A bacteria virus that targets and destroys tumors in preclinical models
4th International Conference and Exhibition on Cell & Gene Therapy
August 10-12, 2015 London, UK

Amin Hajitou

Scientific Tracks Abstracts: J Stem Cell Res Ther

Abstract:

Despite their attractive features and advanced knowledge of their molecular biology, bacteriophages (phage) are still
considered poor vectors for gene transfer limiting their application in a range of disciplines including gene therapy
and DNA vaccine delivery. Phage has evolved to infect bacteria only and has no optimized strategies to transfer genes in
mammalian cells. However, we previously reported that phage gene transfer is amenable to evolve and that one efficient
strategy is to combine bacteriophage with the attributes of animal viruses. Yet, to date most progress in phage vectors has
mainly been made at the genome level, which is one last step of a series of phases involved in gene transfer. Therefore, we
investigated the extracellular and intracellular barriers to bacteriophage and found that one of the limitations in phage is its
surface negative charge hindering phage accessibility to the negatively charged eukaryotic cell membranes. Next, we found
that after internalization, the major intracellular obstacle to bacteriophage is phage sequestration in acidic endosomal vesicles,
and its subsequent degradation in the lysosomal compartment. Consequently, we developed a multifunctional M13 phage that
combines multiple strategies, for resolving the mammalian cell barriers, into one single particle.

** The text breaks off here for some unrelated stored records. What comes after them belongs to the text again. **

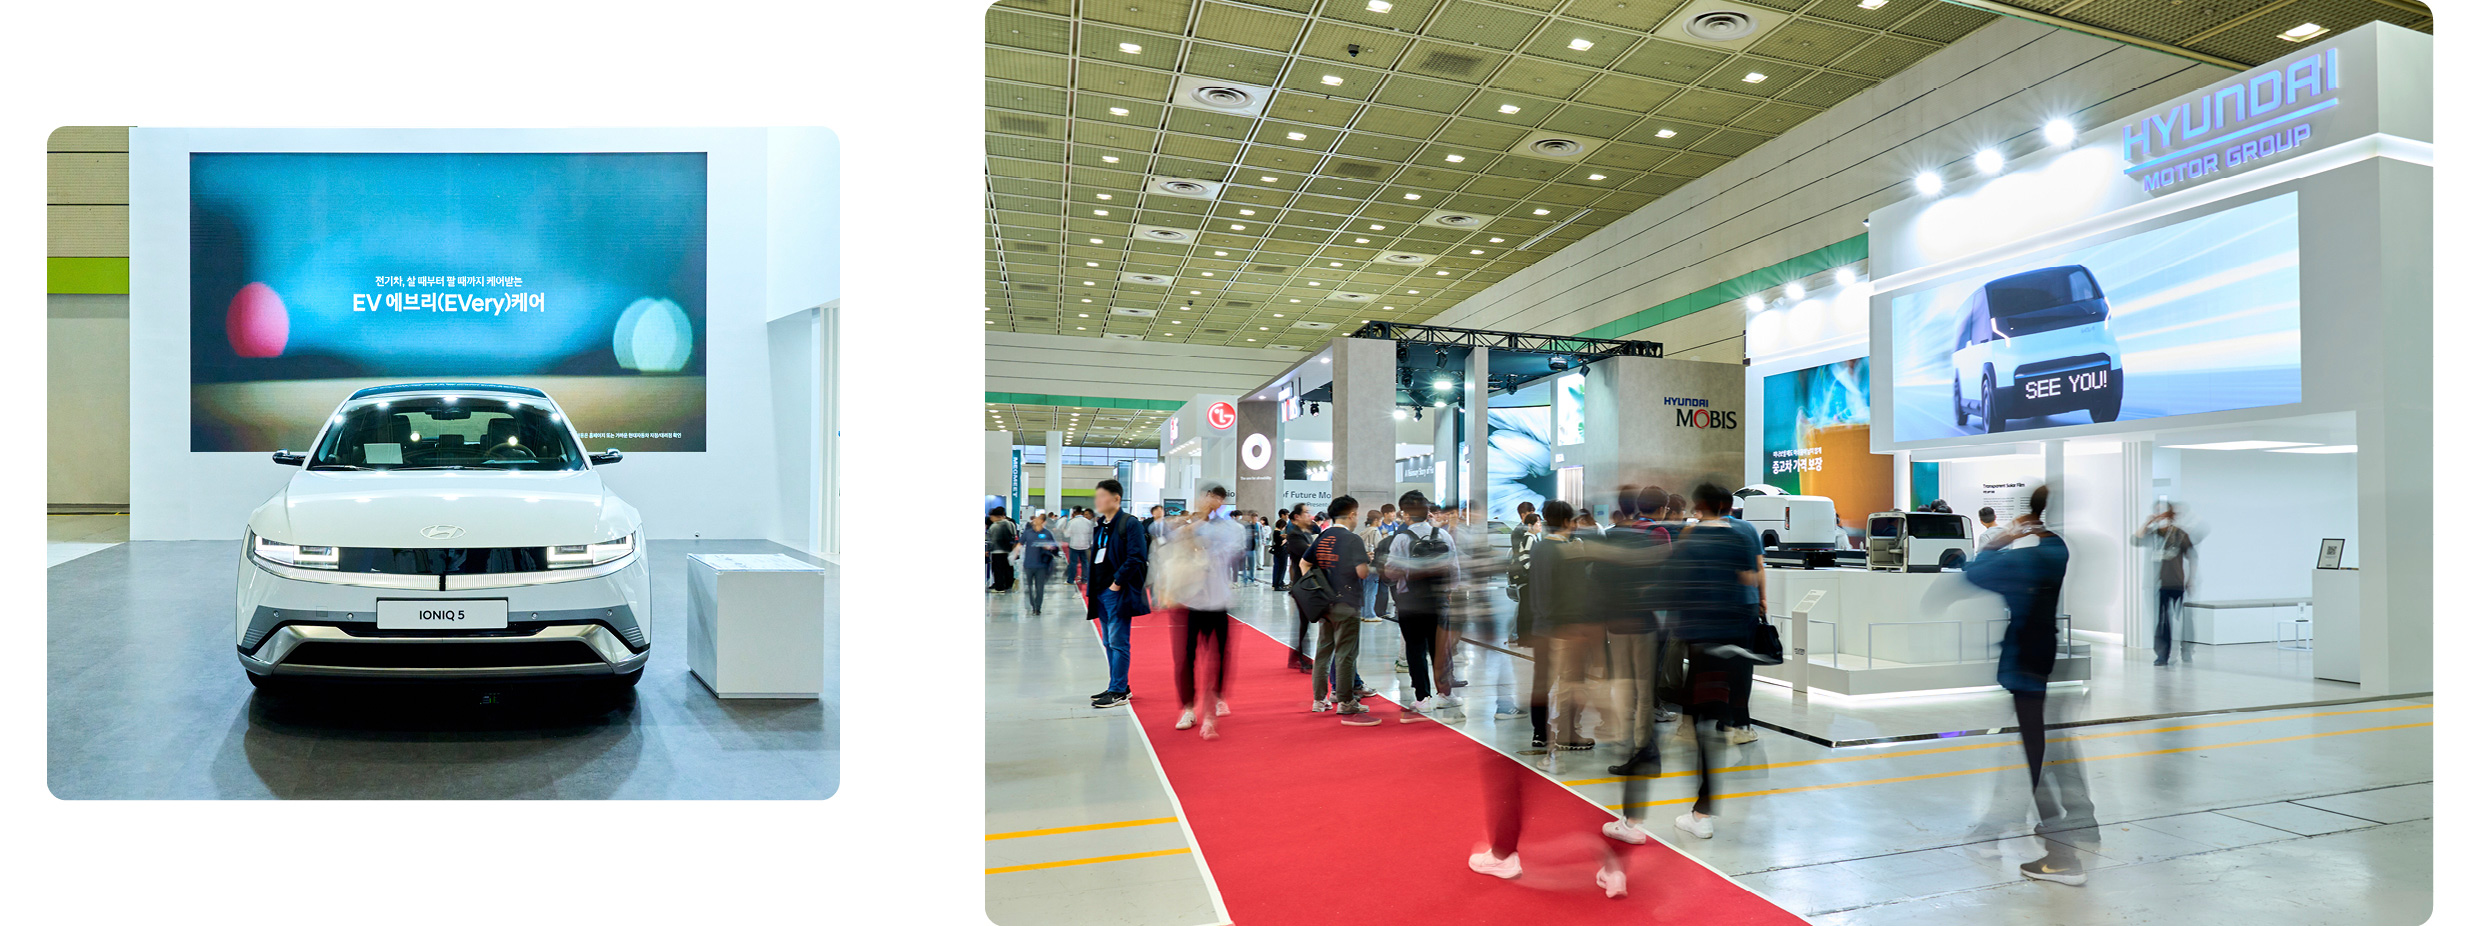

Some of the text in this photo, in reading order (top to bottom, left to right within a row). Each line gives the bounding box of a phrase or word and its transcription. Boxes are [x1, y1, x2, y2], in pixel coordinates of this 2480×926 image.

[2122, 48, 2338, 161] HYUNDAI
[2143, 123, 2311, 192] MOTOR GROUP
[375, 276, 523, 287] 전기차, 살 때부터 팔 때까지 케어받는
[353, 292, 545, 316] EV 에브리(EVery)케어
[2025, 370, 2107, 399] SEE YOU!
[1664, 397, 1709, 407] HYUNDAI
[1676, 408, 1737, 429] MOBIS
[1772, 457, 1823, 475] 중고차 가격 보장
[1291, 491, 1317, 499] Future
[419, 610, 465, 622] IONIQ 5
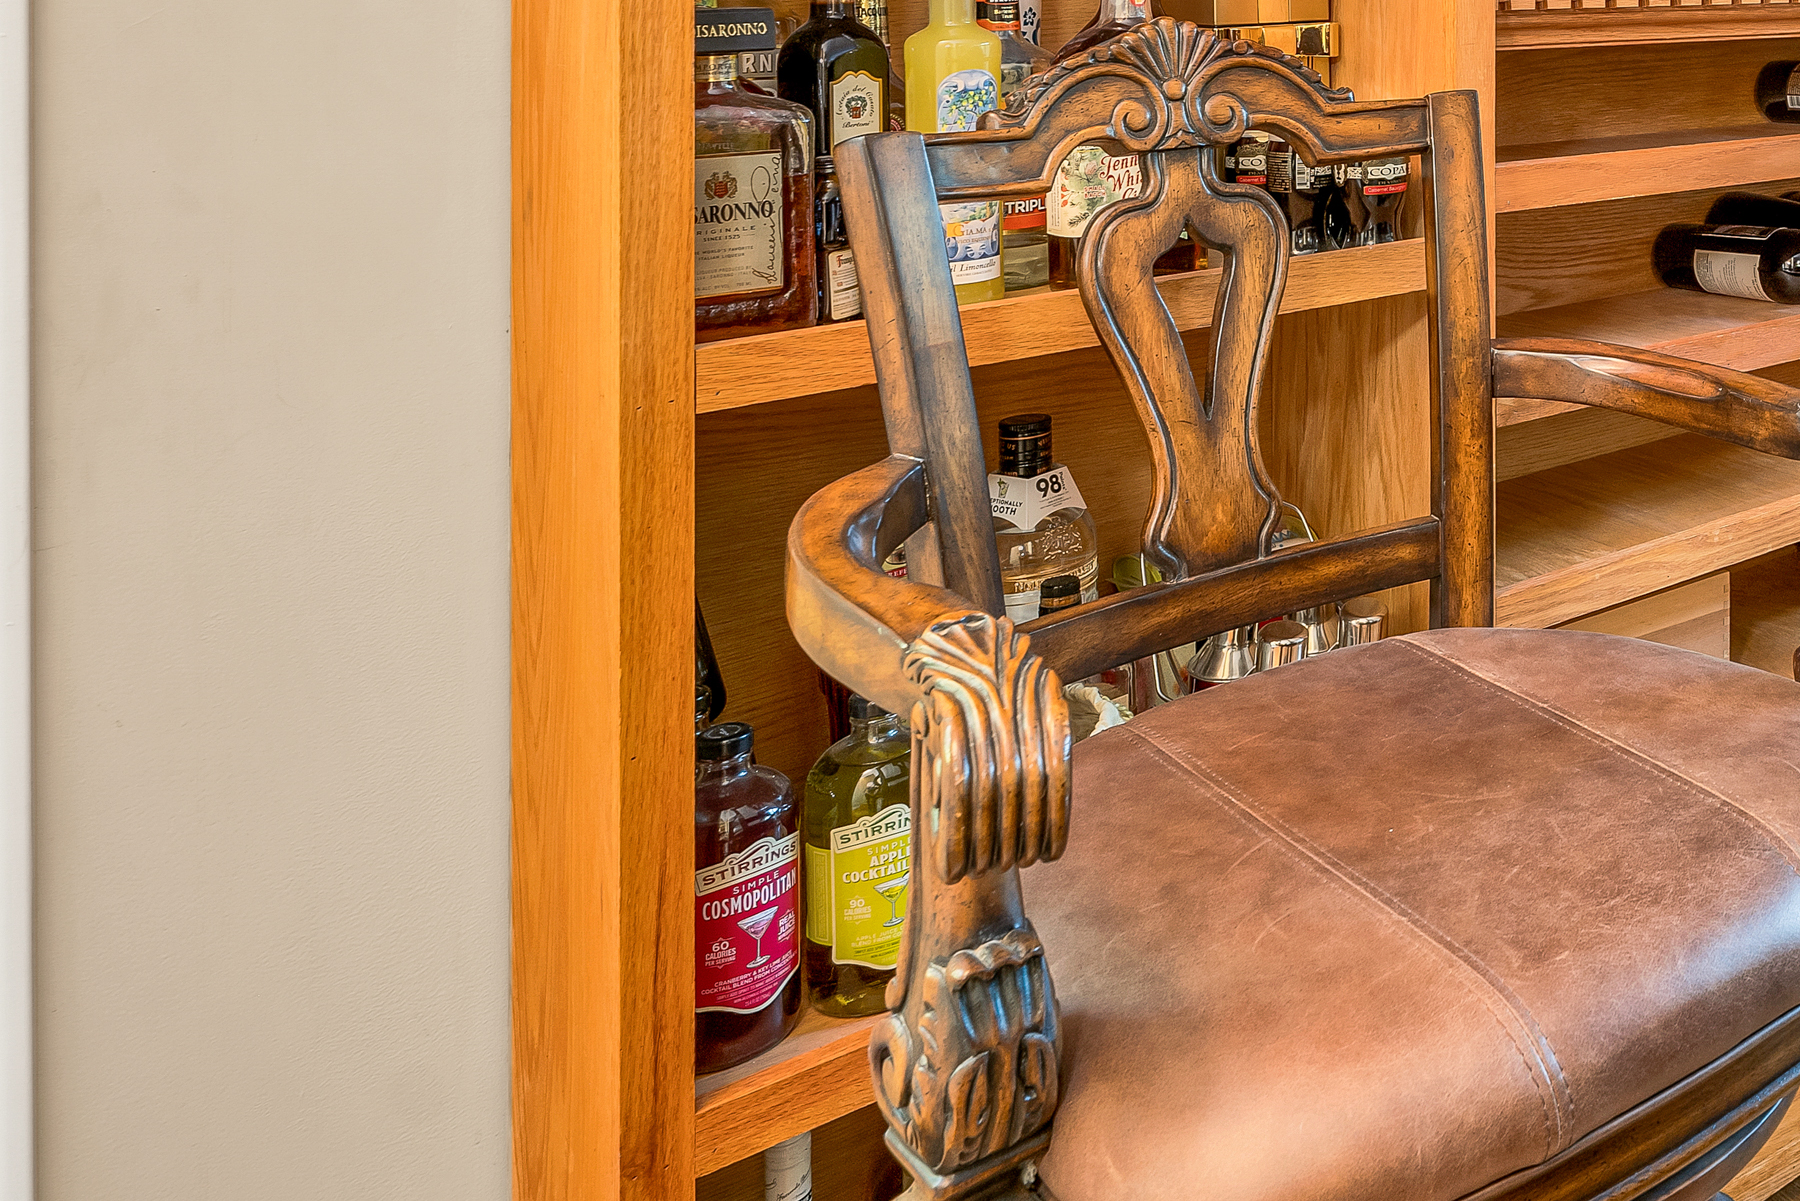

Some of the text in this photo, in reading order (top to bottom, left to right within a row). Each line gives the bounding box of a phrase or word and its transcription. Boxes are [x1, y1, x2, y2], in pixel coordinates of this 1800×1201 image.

[695, 22, 768, 38] ISARONNO
[742, 53, 779, 73] RN
[1369, 165, 1406, 177] COPA
[696, 225, 756, 236] RIGINALE
[1036, 474, 1062, 498] 98
[990, 505, 1017, 515] OOTH
[702, 841, 796, 886] STIRRINGS
[842, 859, 910, 884] COCKTAIL
[732, 869, 779, 895] SIMPLE
[702, 866, 797, 921] COSMOPOLITAN
[844, 905, 872, 916] CALORIES
[849, 898, 865, 909] 90
[705, 947, 737, 961] CALORIES
[712, 940, 730, 952] 60
[701, 984, 731, 996] COCKTAIL
[732, 977, 753, 989] BLEND
[753, 968, 770, 981] FROM
[714, 972, 752, 988] CRANBERRY
[757, 965, 769, 974] KEY

To improve phage accessibility
to the cell surface, we generated hybrid complexes between phage and cationic polymers. Next to enhance phage escape from
endosomes, we displayed endosome escape-peptides on the phage major coat protein. We showed that the multifunctional phage
complex provides substantial gene expression over parental phage while retaining cell targeting and nontoxicity. Moreover,
multifunctional phage complexes carrying a therapeutic gene produced greater targeted killing of cancer cells compared to
phage. This new class of hybrid multifunctional platform should advance targeted gene transfer applications of phage.

Biography :

Amin Hajitou obtained his BSc from the University of Fes, Morocco, then Master and PhD from the University of Liège, Belgium. His PhD involved use of retroviral vectors
for oncogene transfer. Next, he enhanced his skills in vector technologies using viral vectors to systemically deliver inhibitors of tumour angiogenesis invivo. In 2002,
he joined the MD-Anderson Cancer Center, Texas-USA. There, he acquired substantial expertise in phage technologies and designed new generation of hybrid phage
nanoparticles for targeted systemic gene delivery. In 2007, he established his group, as a Lecturer, at Imperial College London and became Senior Lecturer in 2013.